» **Exercise directions**
Go to the line with "this 1350×1012 image." in the records below, then output it and each following line exactly, up to and including the line with "this 1600×1200 image.". Skip pictures and add nothing.

Dataset entries
%%
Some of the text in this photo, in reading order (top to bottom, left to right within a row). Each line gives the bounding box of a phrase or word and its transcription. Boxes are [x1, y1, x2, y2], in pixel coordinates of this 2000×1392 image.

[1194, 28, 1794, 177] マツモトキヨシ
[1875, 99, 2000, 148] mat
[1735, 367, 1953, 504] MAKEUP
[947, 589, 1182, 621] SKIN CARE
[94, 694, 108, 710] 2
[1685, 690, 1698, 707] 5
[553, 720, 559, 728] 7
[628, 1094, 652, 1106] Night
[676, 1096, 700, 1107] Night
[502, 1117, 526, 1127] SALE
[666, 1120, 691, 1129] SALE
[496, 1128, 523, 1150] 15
%%
%%
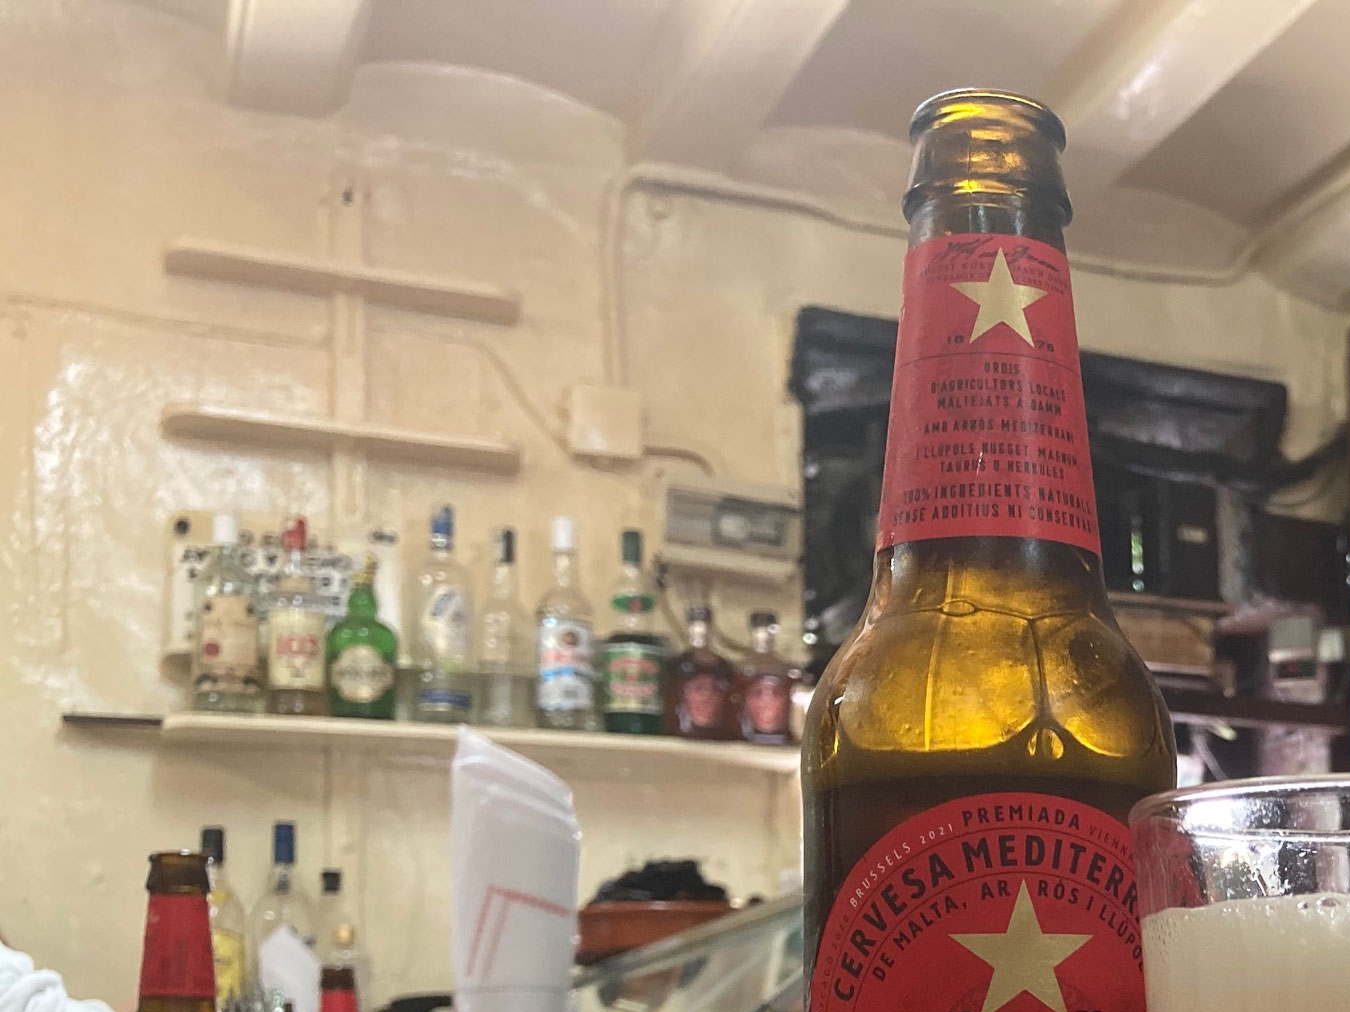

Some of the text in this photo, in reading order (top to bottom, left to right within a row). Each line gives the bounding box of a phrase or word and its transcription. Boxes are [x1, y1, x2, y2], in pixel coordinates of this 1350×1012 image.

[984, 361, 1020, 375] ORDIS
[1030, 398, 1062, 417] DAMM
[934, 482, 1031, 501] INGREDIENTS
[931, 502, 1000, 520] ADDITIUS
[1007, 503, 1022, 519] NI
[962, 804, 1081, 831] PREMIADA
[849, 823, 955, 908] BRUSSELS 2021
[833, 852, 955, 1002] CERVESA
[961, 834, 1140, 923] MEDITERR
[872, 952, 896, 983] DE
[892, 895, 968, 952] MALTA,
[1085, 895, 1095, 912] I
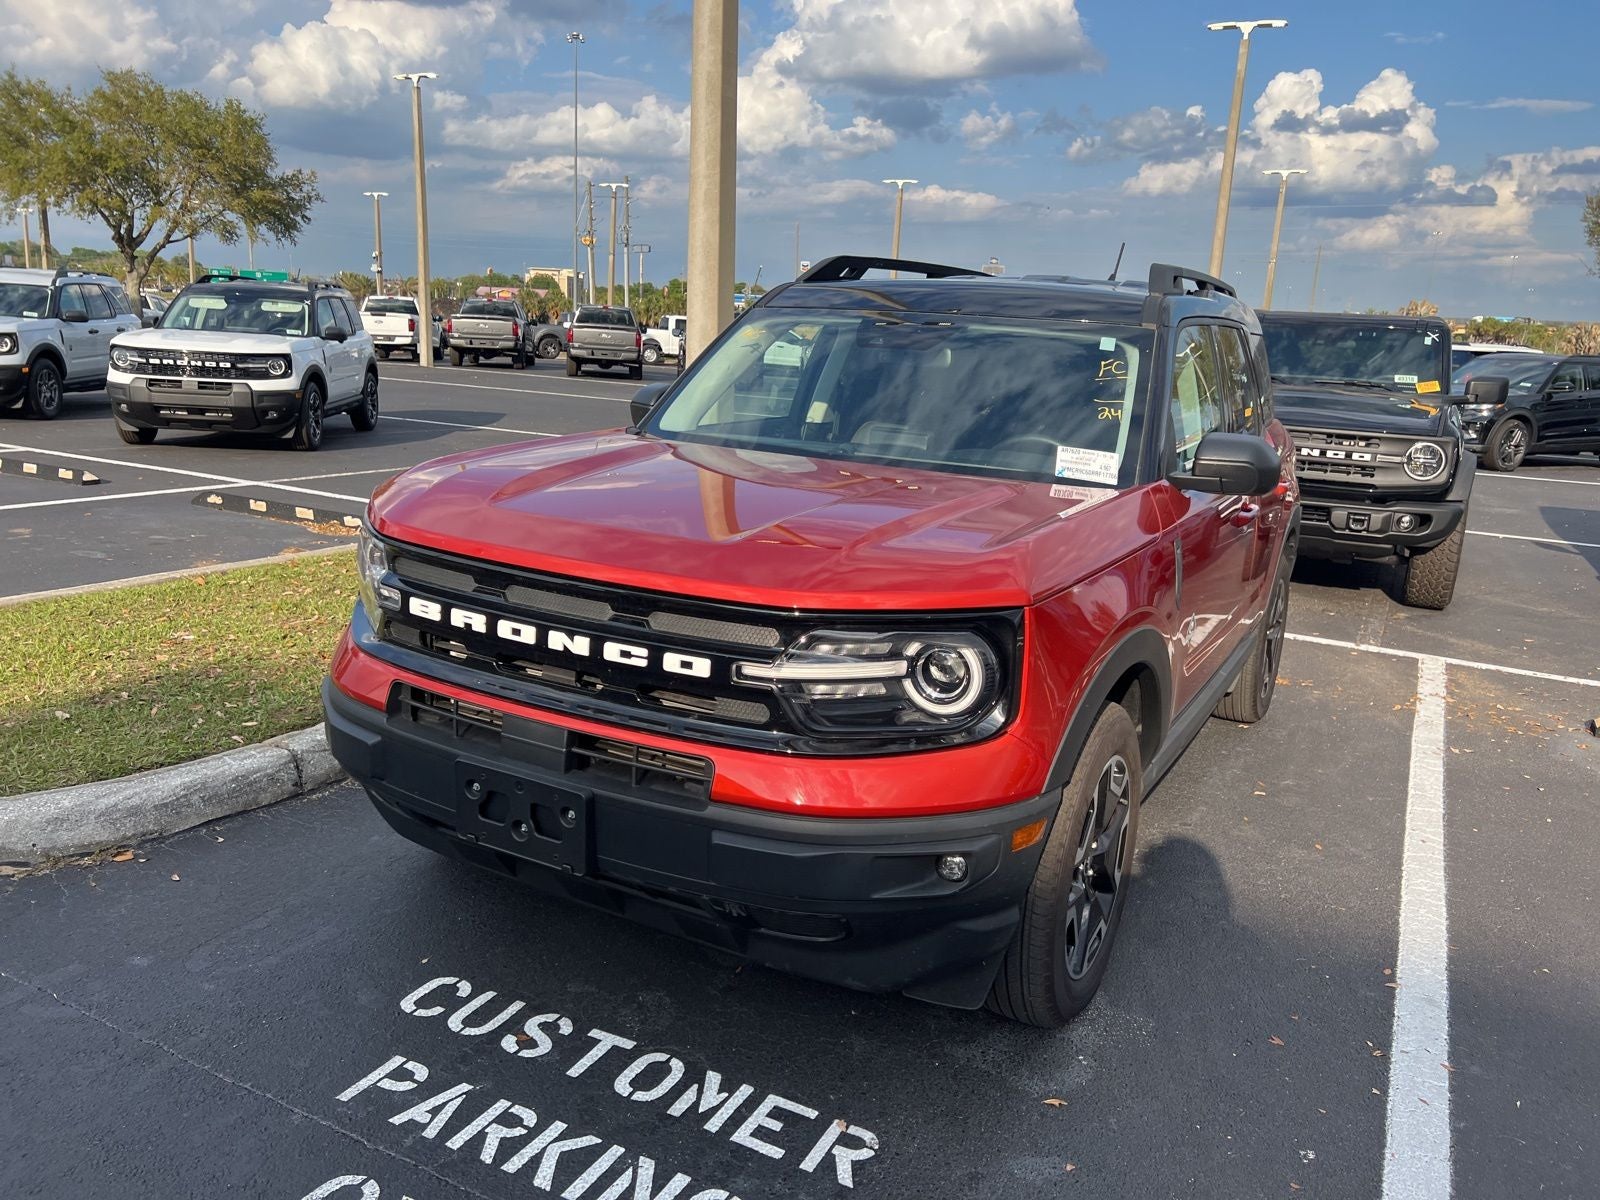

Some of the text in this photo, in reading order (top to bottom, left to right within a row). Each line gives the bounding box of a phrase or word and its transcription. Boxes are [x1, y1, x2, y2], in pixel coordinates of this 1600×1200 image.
%%
%%
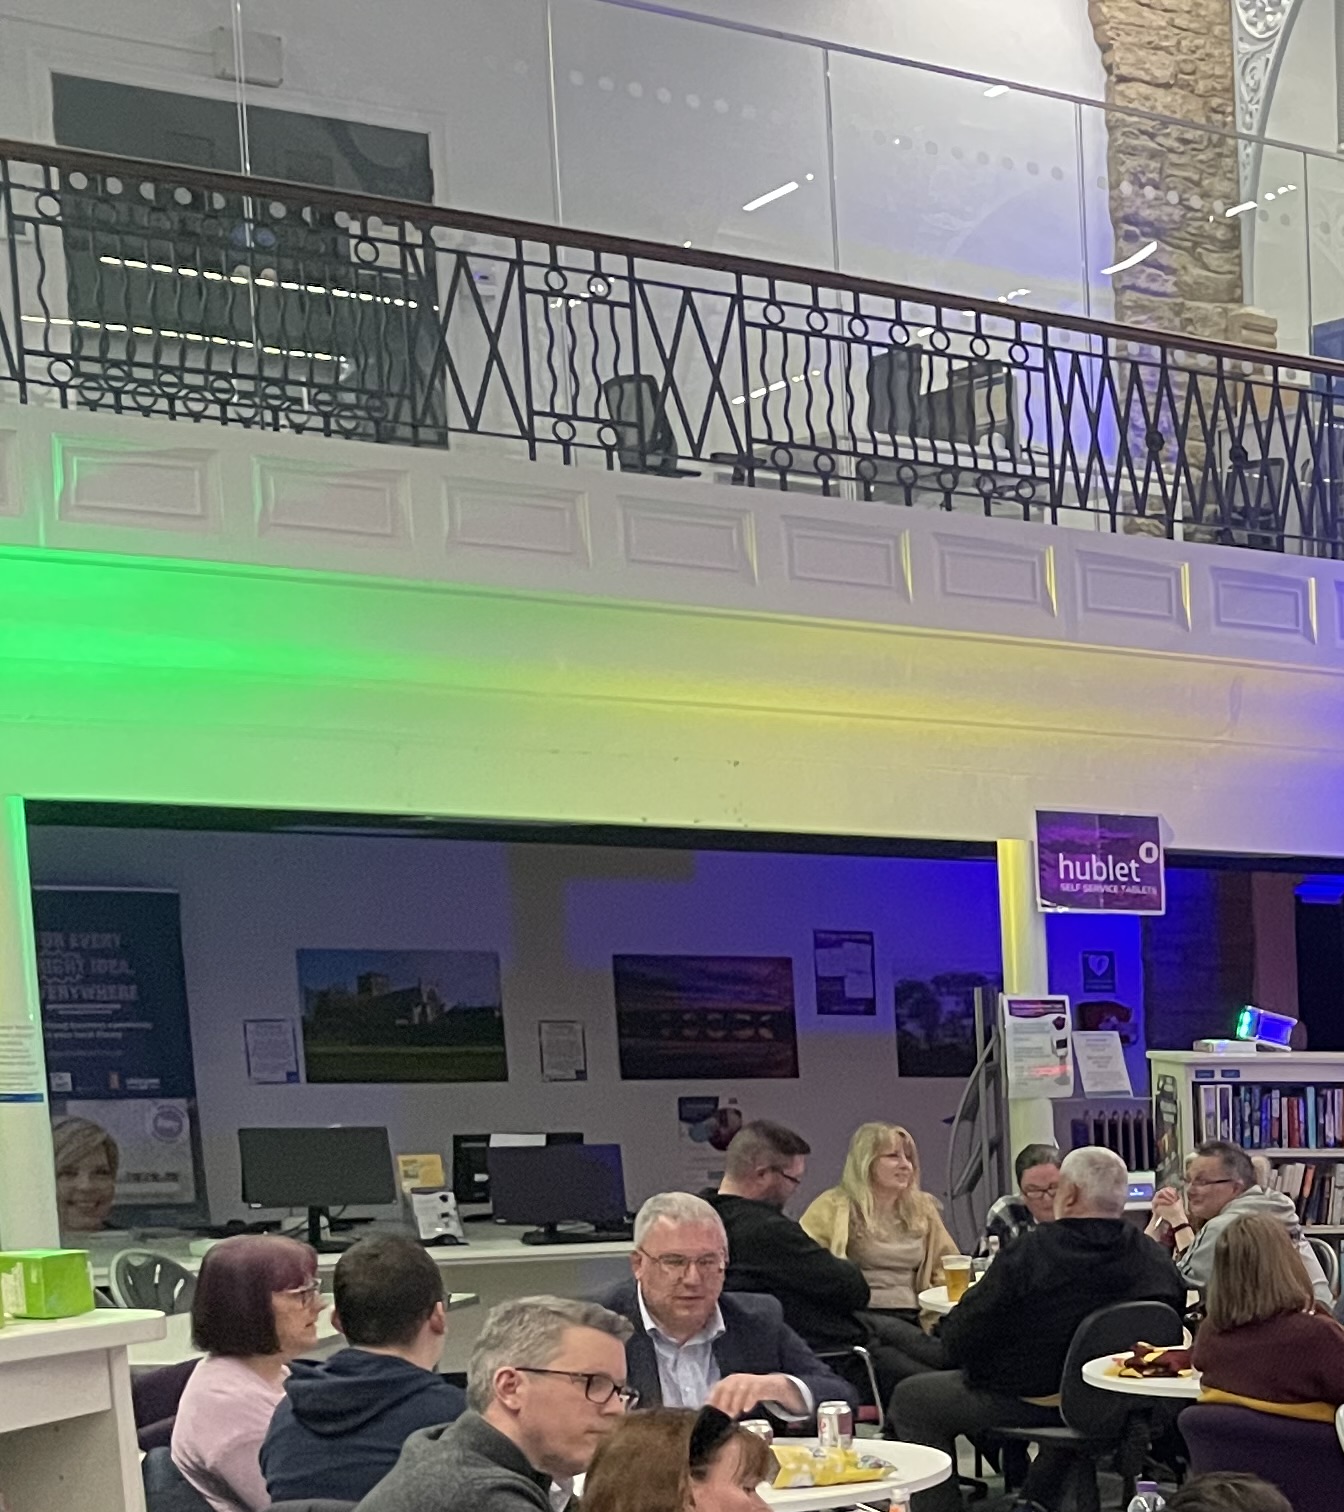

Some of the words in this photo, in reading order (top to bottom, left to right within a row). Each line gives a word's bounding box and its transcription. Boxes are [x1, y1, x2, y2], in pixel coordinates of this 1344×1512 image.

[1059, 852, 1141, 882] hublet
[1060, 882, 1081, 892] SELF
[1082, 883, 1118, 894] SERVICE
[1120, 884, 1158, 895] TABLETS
%%
» **Task output**
Some of the text in this photo, in reading order (top to bottom, left to right within a row). Each line gives the bounding box of a phrase or word and its transcription. Boxes are [x1, y1, x2, y2], in pixel coordinates of this 1350×1012 image.

[984, 361, 1020, 375] ORDIS
[1030, 398, 1062, 417] DAMM
[934, 482, 1031, 501] INGREDIENTS
[931, 502, 1000, 520] ADDITIUS
[1007, 503, 1022, 519] NI
[962, 804, 1081, 831] PREMIADA
[849, 823, 955, 908] BRUSSELS 2021
[833, 852, 955, 1002] CERVESA
[961, 834, 1140, 923] MEDITERR
[872, 952, 896, 983] DE
[892, 895, 968, 952] MALTA,
[1085, 895, 1095, 912] I

Some of the text in this photo, in reading order (top to bottom, left to right within a row). Each line gives the bounding box of a phrase or word and its transcription. Boxes are [x1, y1, x2, y2], in pixel coordinates of this 1600×1200 image.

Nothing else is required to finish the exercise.